◆ **WORK ORDER**
Go through the lines below and repeat each one exactly, skipping pictures.

■ ■ ■ ■ ■

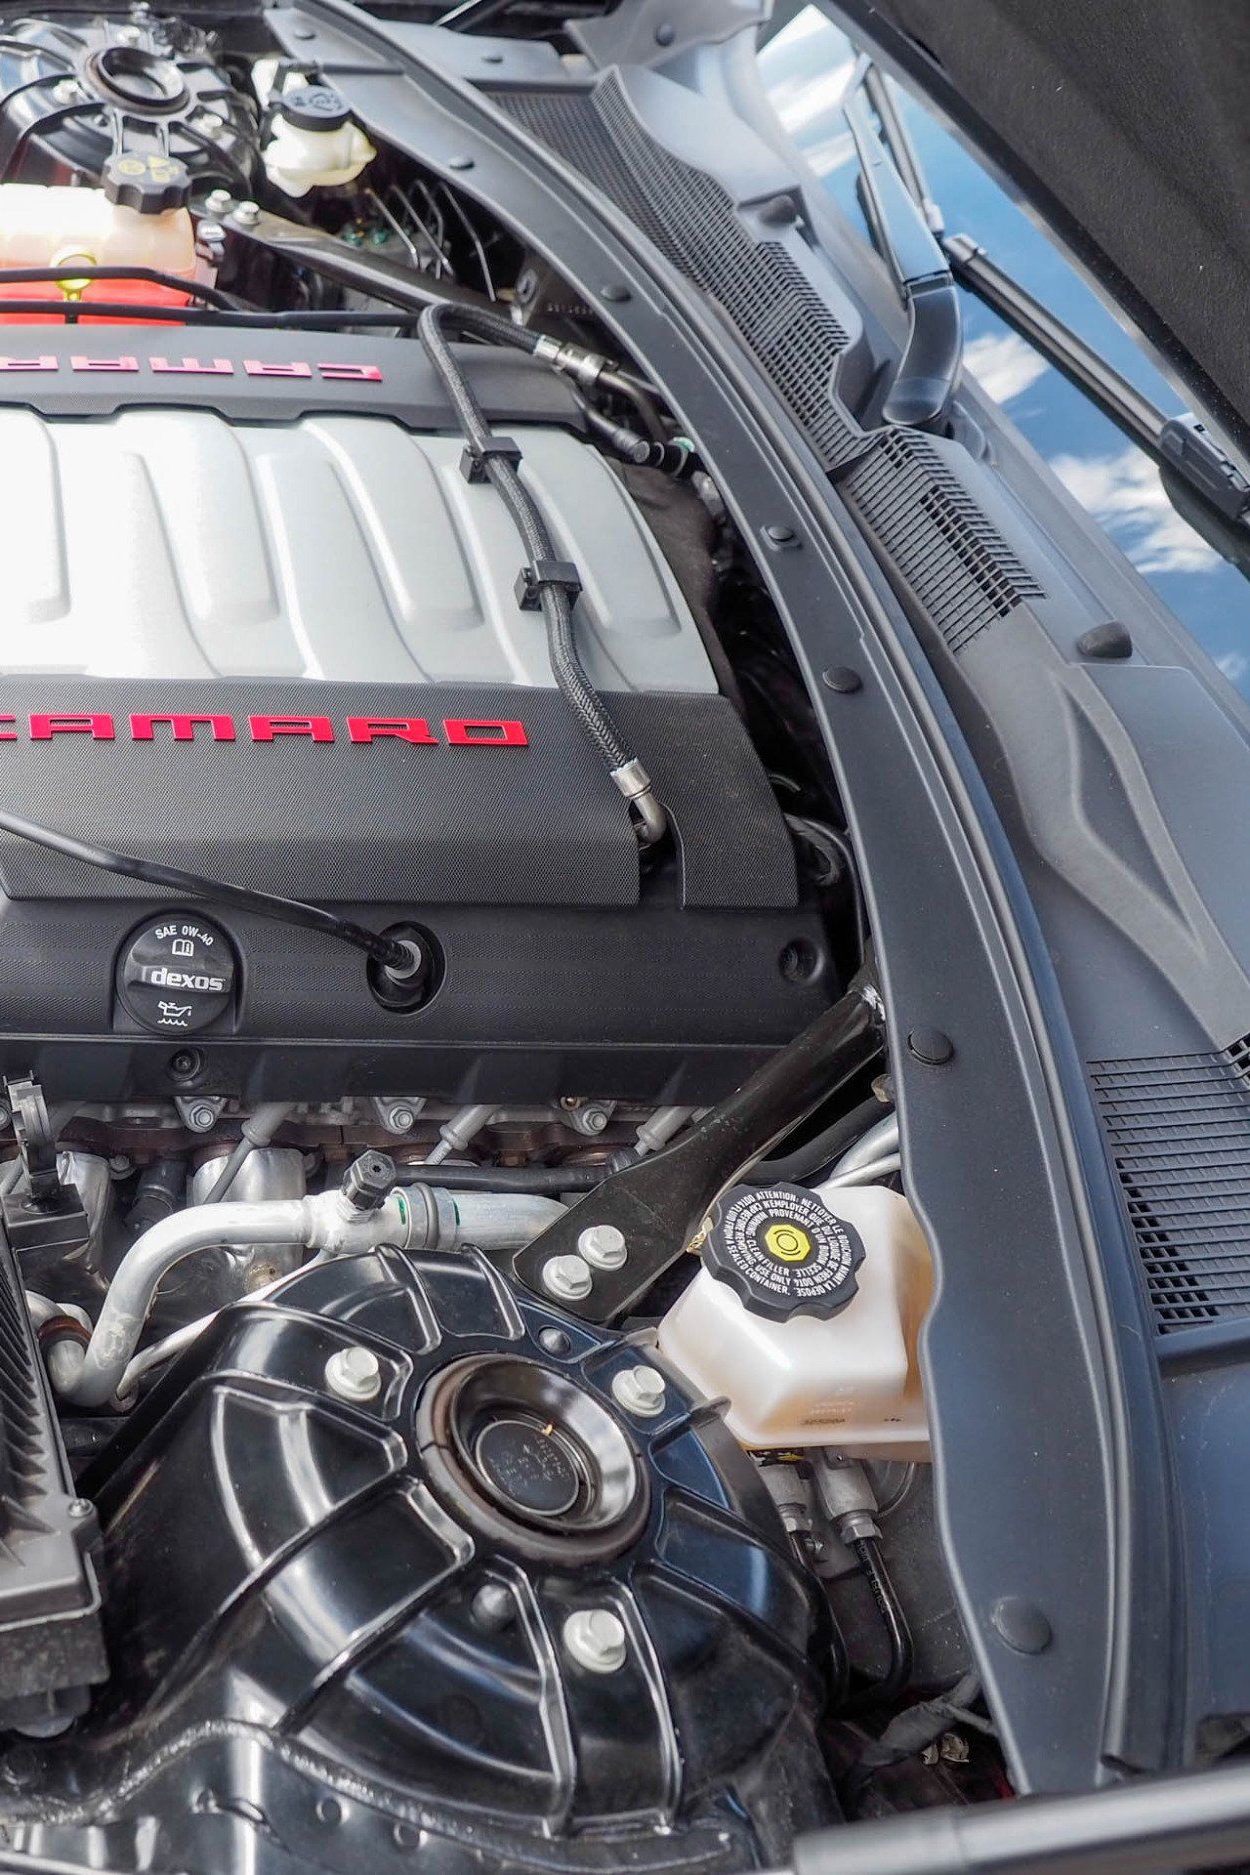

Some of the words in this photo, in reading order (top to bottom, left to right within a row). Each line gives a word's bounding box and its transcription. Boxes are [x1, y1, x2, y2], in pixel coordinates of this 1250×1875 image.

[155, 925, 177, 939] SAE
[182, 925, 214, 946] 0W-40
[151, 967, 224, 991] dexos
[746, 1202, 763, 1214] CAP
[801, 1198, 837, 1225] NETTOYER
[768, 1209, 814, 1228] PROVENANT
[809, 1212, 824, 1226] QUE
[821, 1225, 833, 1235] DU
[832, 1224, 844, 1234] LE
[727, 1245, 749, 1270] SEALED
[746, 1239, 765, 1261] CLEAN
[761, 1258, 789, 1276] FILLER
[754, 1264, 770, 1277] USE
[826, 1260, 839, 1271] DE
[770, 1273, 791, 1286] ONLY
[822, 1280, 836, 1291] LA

■ ■ ■ ■ ■

◆ **RESPONSE BELOW**
Some of the words in this photo, in reading order (top to bottom, left to right within a row). Each line gives a word's bounding box and its transcription. Boxes are [x1, y1, x2, y2], in pixel coordinates of this 1250×1875 image.

[155, 925, 177, 939] SAE
[182, 925, 214, 946] 0W-40
[151, 967, 224, 991] dexos
[746, 1202, 763, 1214] CAP
[801, 1198, 837, 1225] NETTOYER
[768, 1209, 814, 1228] PROVENANT
[809, 1212, 824, 1226] QUE
[821, 1225, 833, 1235] DU
[832, 1224, 844, 1234] LE
[727, 1245, 749, 1270] SEALED
[746, 1239, 765, 1261] CLEAN
[761, 1258, 789, 1276] FILLER
[754, 1264, 770, 1277] USE
[826, 1260, 839, 1271] DE
[770, 1273, 791, 1286] ONLY
[822, 1280, 836, 1291] LA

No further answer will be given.